Ben Neely · May 12, 2022

Contaminants, as in the unintended proteinaceous parts of your sample, that, especially in mass spectrometry-based proteomics, are important to think about. This specific writeup began as a series of questions that began when as I was analyzing cells grown in FBS, and Ron Beavis pointed me to this FBS FASTA, 38 curated bovine sequences that worked beautifully on my mass spec data. (I later learned of this cRFP paper as well)

But moving from FBS into a general question about what contaminant lists folks were using. TL;DR Check out the efforts to update and confirm contaminant resources by Ling Hao et al., Pre-Print and GitHub.

After the excellent feedback above, I ended up somewhat summarizing the contaminant discussions in something else I was in the midst of writing (with input and feedback from Phil Wilmarth and Jesse Meyer).

Samples are rarely comprised of only proteins from the species of interest.
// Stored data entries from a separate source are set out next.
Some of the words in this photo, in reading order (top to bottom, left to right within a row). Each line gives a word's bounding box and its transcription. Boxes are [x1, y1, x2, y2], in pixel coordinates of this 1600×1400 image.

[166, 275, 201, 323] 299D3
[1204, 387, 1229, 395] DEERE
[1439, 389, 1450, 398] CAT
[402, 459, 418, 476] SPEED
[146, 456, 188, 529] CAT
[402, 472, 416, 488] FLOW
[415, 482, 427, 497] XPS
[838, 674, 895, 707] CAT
There can be protein contamination during sample collection or processing. This may include proteins from human skin, wool from clothing, particles from latex, or even porcine trypsin itself, all of which contain proteins that can be digested along with the intended sample and analyzed in the mass spectrometer. As early as 2004, The Global Proteome Machine was providing a protein sequence collection of these common Repository of Adventitious Proteins (cRAP), while another contaminant list was published in 2008 Keller et al.. The current cRAP version (v1.0) was described in 2012 and is still widely in use today. cRAP is the contaminant protein list used in nearly all modern database searching software, though the documentation, versioning or updating of many of these “built-in” contaminant sequence collections is difficult to follow. There is also another contaminant sequence collection distributed with MaxQuant. Together, the cRAP and MaxQuant contaminant protein sequence collections are found in some form across most software, including MetaMorpheus and Philosopher (available in FragPipe; Leprevost et al., 2020). This list of known frequently contaminating proteins can either be automatically included by the software or can be retrieved as a FASTA to be used along with the primary search FASTA(s). Recently the Hao Lab has revisited these common contaminant sequences in an effort to update the protein sequences, test their utility on experimental data, and add or remove entries Frankenfield et al., 2022.
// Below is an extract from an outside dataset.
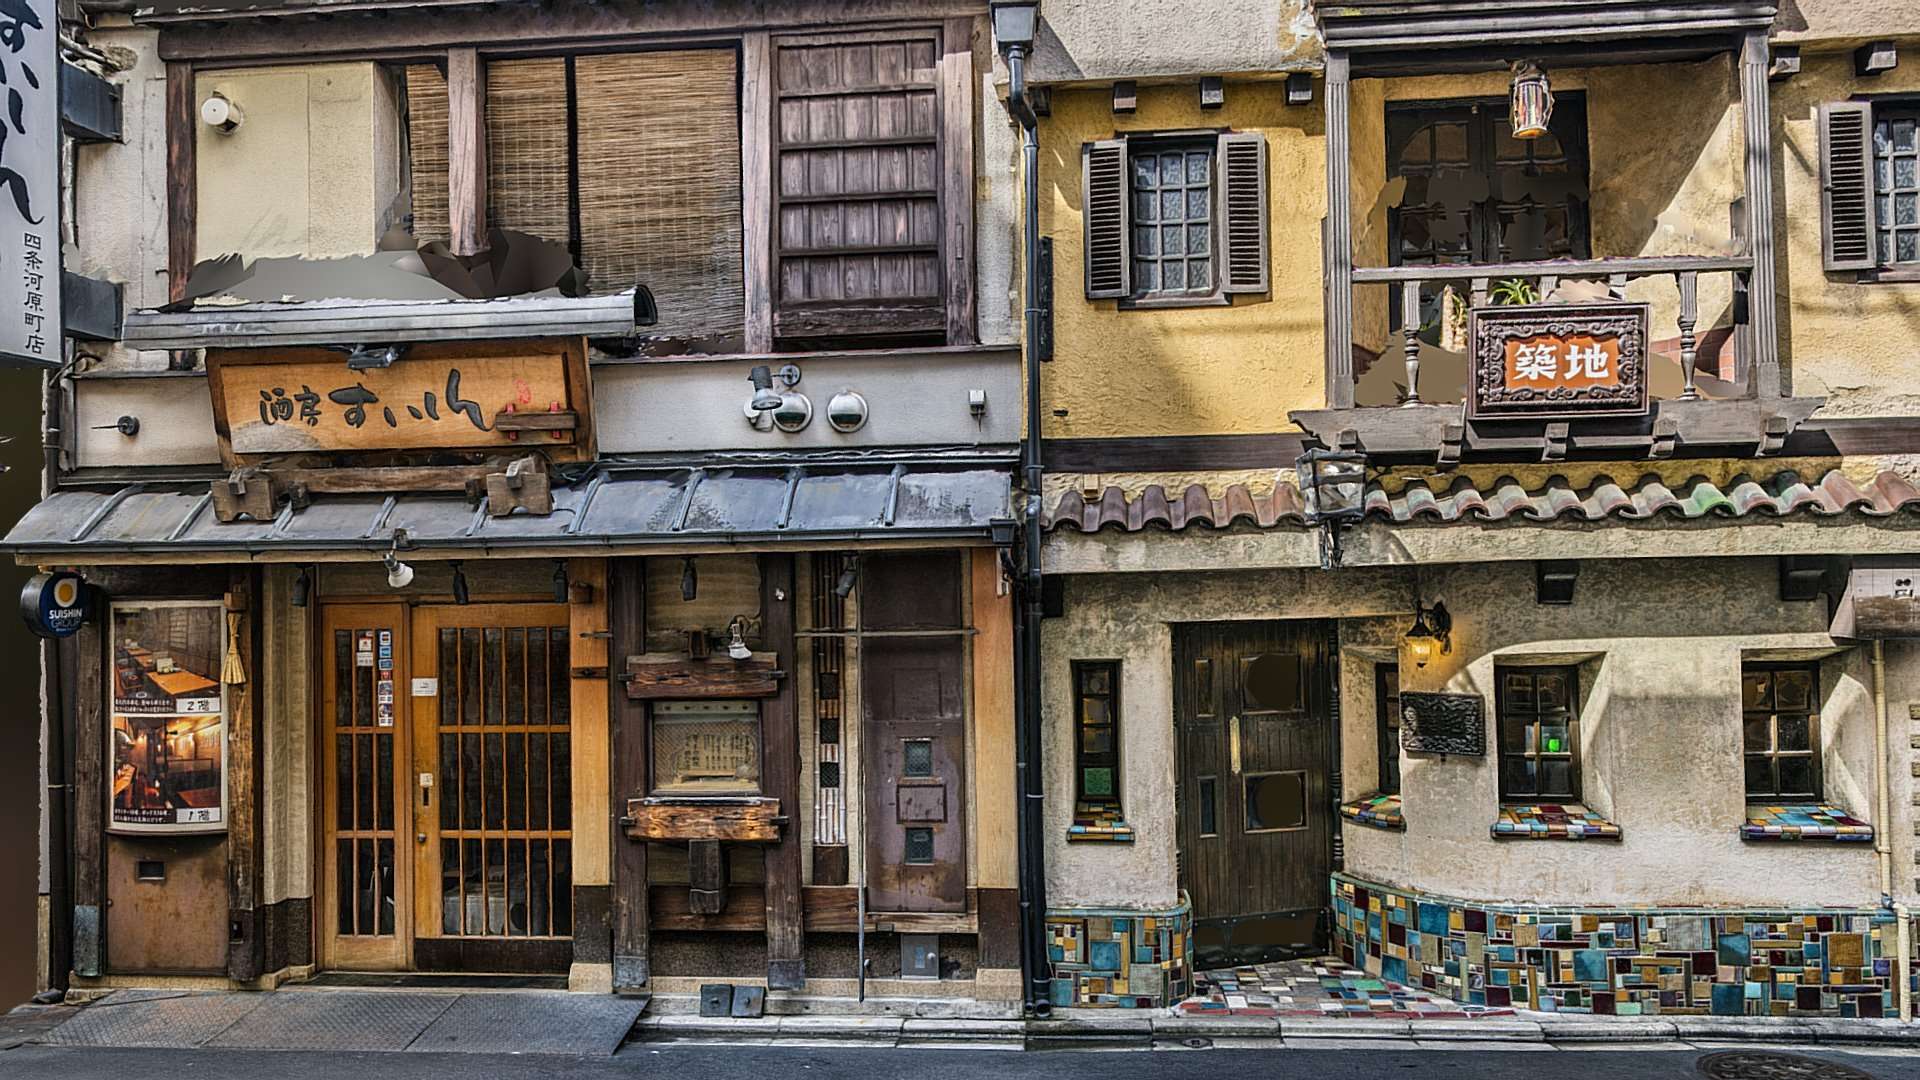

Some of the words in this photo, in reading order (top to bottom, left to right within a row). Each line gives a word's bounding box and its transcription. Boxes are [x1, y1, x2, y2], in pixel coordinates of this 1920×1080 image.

In addition to these environmentally unintended contaminants, there are known contaminants that also have available protein sequence collections (or can be generated using the steps above) and should be included in the search space. These can include the media cells were grown in (e.g., fetal bovine serum), food fed to cells/animals (e.g., Caenorhabditis elegans grown on Escherichia coli) or known non-specific binders in affinity purification (i.e., CRAPome; side twitter conversation by Ed Huttlin about how specific the CRAPome seems). Accurately defining the search space is essential for accurate proteomic results and, especially in the case of contaminants, requires knowledge of the experiment and sample processing to adequately define possible background proteins.

Of course, much of our thoughts on the need for contaminants is based on their utility in data-dependent searching (aka spectrum-centric approaches), and a question I have always wanted to ask the experts is why would you use contaminants in DIA (why are they being used in an analyte-centric search approach? see Ting et al., 2015).

My take on these responses is a lot of this seems to be that the current DIA search software needs to identify as many co-eluting peptides as possible to help with modeling (I am poorly paraphrasing). So it isn’t that you need to have contaminants to avoid mis-identification (i.e., a contaminant being mis-identified as an analyte), but the software(s) perform better when more ions are being identified. Many points were also made that knowing the contaminant levels is important more from a QC standpoint (if I have a ton of trypsin and not a lot of peptides, that is informative).

A later point is about using an inappropriate database leads to unintended conclusions (honey bee paper), but I would counter that in DIA searching, this answer is more complex and simply requires additional filtering of rare peptide identifications (I actually discuss that in this paper, with much credit to discussions with Vadim Demichev, @DemichevLab).